▶ **Work to be completed**:
After finding the line that contains "Some of the text" in the entries below, retype it and every following line precisely, the last included.

▶ **Records provided**:
>>

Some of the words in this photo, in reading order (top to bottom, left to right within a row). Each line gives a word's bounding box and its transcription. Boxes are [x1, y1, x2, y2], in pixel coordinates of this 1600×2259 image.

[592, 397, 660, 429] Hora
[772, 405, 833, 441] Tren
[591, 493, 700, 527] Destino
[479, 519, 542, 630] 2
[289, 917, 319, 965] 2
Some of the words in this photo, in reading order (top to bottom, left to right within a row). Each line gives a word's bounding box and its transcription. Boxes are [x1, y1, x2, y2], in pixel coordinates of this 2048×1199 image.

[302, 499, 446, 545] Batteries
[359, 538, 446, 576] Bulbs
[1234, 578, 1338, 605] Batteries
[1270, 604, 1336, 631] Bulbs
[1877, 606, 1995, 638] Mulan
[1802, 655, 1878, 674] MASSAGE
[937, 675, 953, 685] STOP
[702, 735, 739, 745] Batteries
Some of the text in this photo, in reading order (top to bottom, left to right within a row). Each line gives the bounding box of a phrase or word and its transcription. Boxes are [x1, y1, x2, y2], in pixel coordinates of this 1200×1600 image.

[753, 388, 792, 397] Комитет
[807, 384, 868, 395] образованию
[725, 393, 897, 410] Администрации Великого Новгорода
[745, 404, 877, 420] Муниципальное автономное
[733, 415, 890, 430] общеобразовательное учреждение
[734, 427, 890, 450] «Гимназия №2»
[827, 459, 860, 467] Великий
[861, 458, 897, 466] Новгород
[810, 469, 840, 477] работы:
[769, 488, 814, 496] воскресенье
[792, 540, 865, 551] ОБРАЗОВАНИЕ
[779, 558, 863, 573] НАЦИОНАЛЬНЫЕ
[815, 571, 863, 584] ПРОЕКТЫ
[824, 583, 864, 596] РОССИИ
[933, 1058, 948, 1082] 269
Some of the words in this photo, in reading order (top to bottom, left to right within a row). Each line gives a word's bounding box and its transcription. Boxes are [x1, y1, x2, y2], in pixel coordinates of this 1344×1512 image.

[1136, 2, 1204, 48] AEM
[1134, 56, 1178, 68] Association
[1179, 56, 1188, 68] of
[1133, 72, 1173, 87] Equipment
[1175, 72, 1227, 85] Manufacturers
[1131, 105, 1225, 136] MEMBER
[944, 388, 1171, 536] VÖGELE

<<

▶ **Result**:
Some of the text in this photo, in reading order (top to bottom, left to right within a row). Each line gives the bounding box of a phrase or word and its transcription. Boxes are [x1, y1, x2, y2], in pixel coordinates of this 1200×1600 image.

[753, 388, 792, 397] Комитет
[807, 384, 868, 395] образованию
[725, 393, 897, 410] Администрации Великого Новгорода
[745, 404, 877, 420] Муниципальное автономное
[733, 415, 890, 430] общеобразовательное учреждение
[734, 427, 890, 450] «Гимназия №2»
[827, 459, 860, 467] Великий
[861, 458, 897, 466] Новгород
[810, 469, 840, 477] работы:
[769, 488, 814, 496] воскресенье
[792, 540, 865, 551] ОБРАЗОВАНИЕ
[779, 558, 863, 573] НАЦИОНАЛЬНЫЕ
[815, 571, 863, 584] ПРОЕКТЫ
[824, 583, 864, 596] РОССИИ
[933, 1058, 948, 1082] 269
Some of the words in this photo, in reading order (top to bottom, left to right within a row). Each line gives a word's bounding box and its transcription. Boxes are [x1, y1, x2, y2], in pixel coordinates of this 1344×1512 image.

[1136, 2, 1204, 48] AEM
[1134, 56, 1178, 68] Association
[1179, 56, 1188, 68] of
[1133, 72, 1173, 87] Equipment
[1175, 72, 1227, 85] Manufacturers
[1131, 105, 1225, 136] MEMBER
[944, 388, 1171, 536] VÖGELE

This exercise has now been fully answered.